Rapier then tapped on the glass monitor of the control panel. The top left screen on the third bank showed a blue shirt stepping off a sidewalk in front of two decrepit row houses with their windows boarded over. He was stringing yellow crime scene tape from the porch railing of one row house to a telephone pole across the street. The lower edge of the image included the white hood of a vehicle that had red and blue lights pulsing off it, making it obvious the video was being taken by a squad car's dash camera. There was a line of text at the top of the frame detailing the date, time, and GPS location of the imagery.

“Looks like drugs,” Rapier added.

“A drug deal in Kensington! No!” Payne said, somewhat loudly and dripping with sarcasm, causing a few people to look up at him momentarily, grin, and turn back to their work. “Next you'll further surprise me by saying it's payback for Dante Holmes getting capped yesterday, that this dead guy's a teen—”
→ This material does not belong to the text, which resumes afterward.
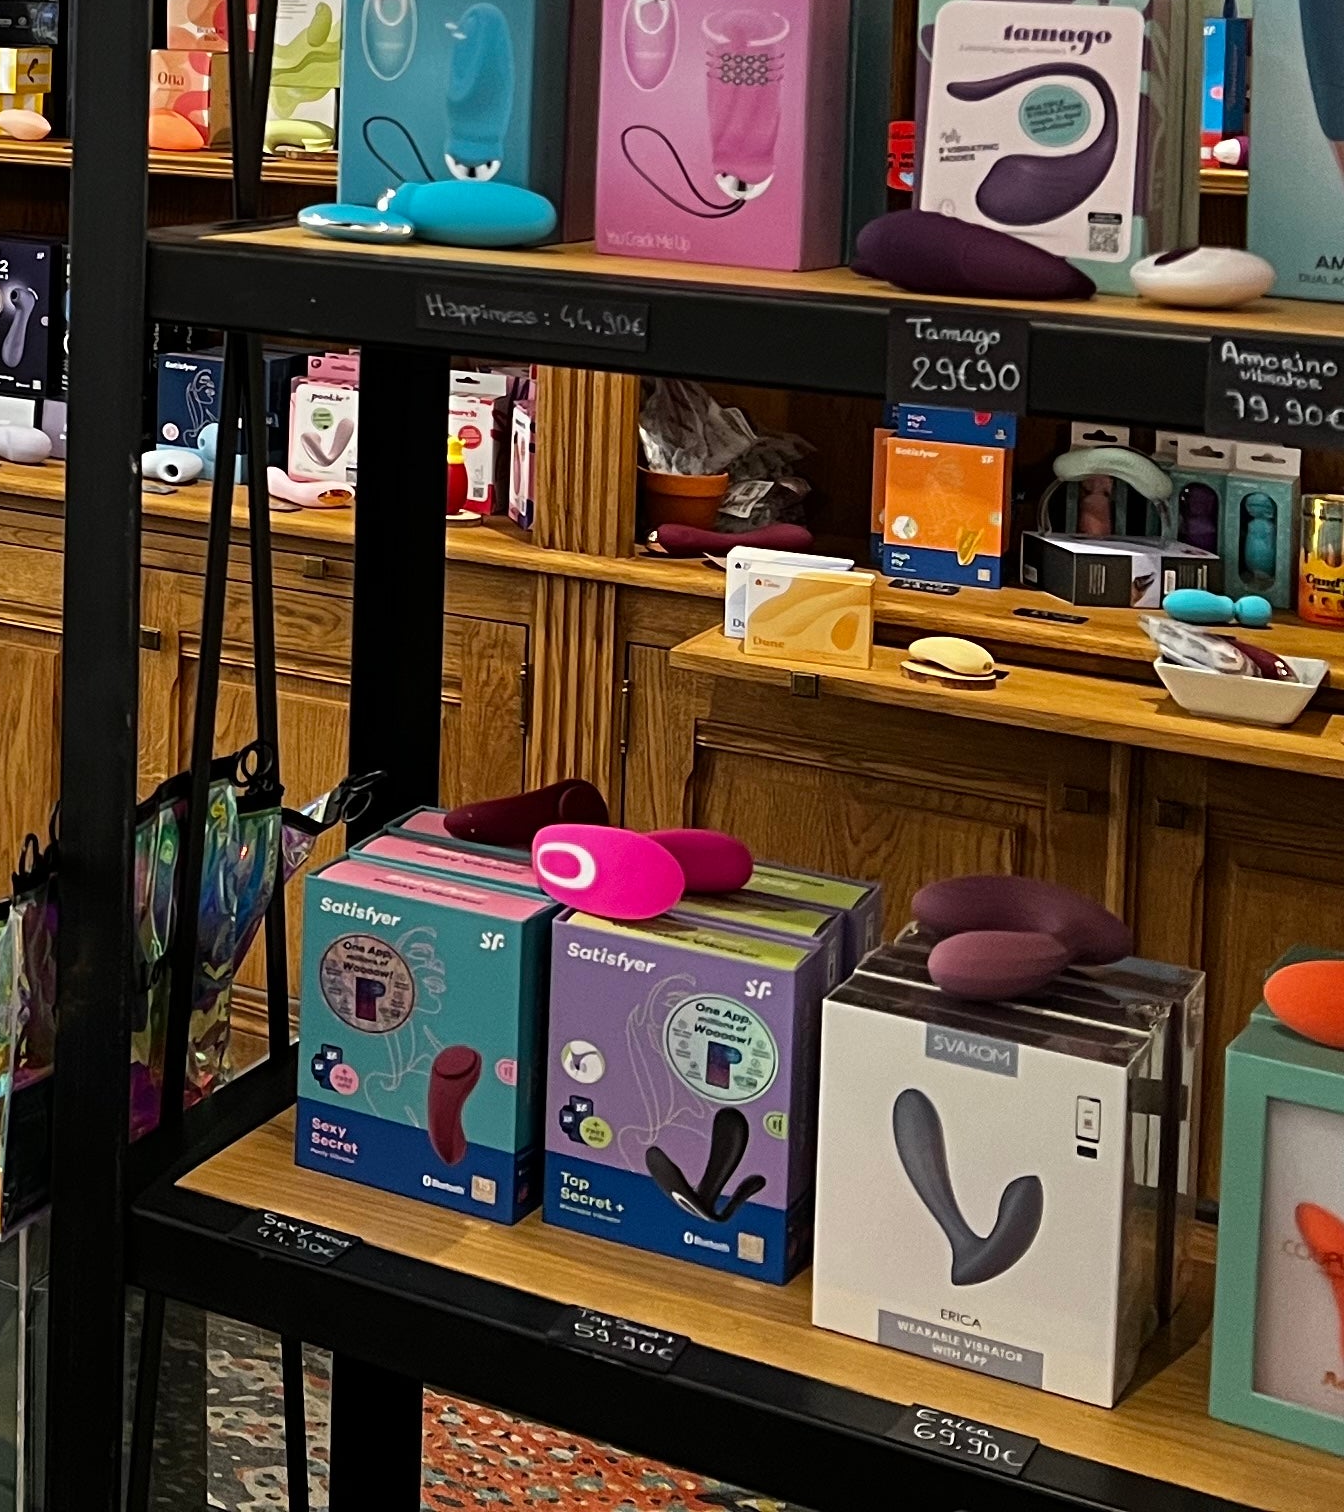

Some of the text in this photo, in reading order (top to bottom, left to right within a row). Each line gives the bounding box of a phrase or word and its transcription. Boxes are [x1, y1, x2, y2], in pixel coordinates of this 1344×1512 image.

“A teenaged white male named Billy Chester,” Rapier finished. “And it's probably not retaliation to settle scores. His buddy Dan Moss, also a teenaged white male, got collared getting off the El in Chinatown by a transit cop—they'd seen Moss on SEPTA surveillance cameras jumping the turnstile at Somerset.”

“And?”

“And the transit cop said Moss—after the kid stopped hugging him and crying—reported he and Chester had gotten lost, wound up in Kensington, and then got carjacked. Said after they were robbed, Chester apparently took at least three large-caliber rounds to the chest and neck.”

Payne looked at him a moment.

“A white teen? That's curious.”

“You mean unusual?” Rapier asked, but they both knew it was a statement of fact.

[ TWO ]

A week earlier, Homicide Sergeant Matt Payne had been approached with a proposition—“cornered,” he had claimed, but no one took the statement seriously. It was a hard argument to swallow considering (a) the person approaching had been in a motorized wheelchair and (b) who that person was.

The fact of the matter was that Payne would have done anything for Andy Radcliffe, a nineteen-year-old who was working an internship with the police department.

Andy had a kind, round face with gentle coal-black eyes and a full head of dark hair clipped tight to his scalp. He generally wore neatly ironed jeans and an oversized white cotton dress shirt with a somewhat worn navy blazer.

He was a sophomore—a double major studying criminal justice and computer science—at La Salle University, in North Philly, not far from where he lived with his mother and little brother.

Three years earlier, returning home with take-out dinner for the family, he had been robbed on the street by teenaged thugs. Not content with what little cash he had, they then stabbed him in the back. The knife had struck his spinal cord, leaving him paralyzed from the waist down.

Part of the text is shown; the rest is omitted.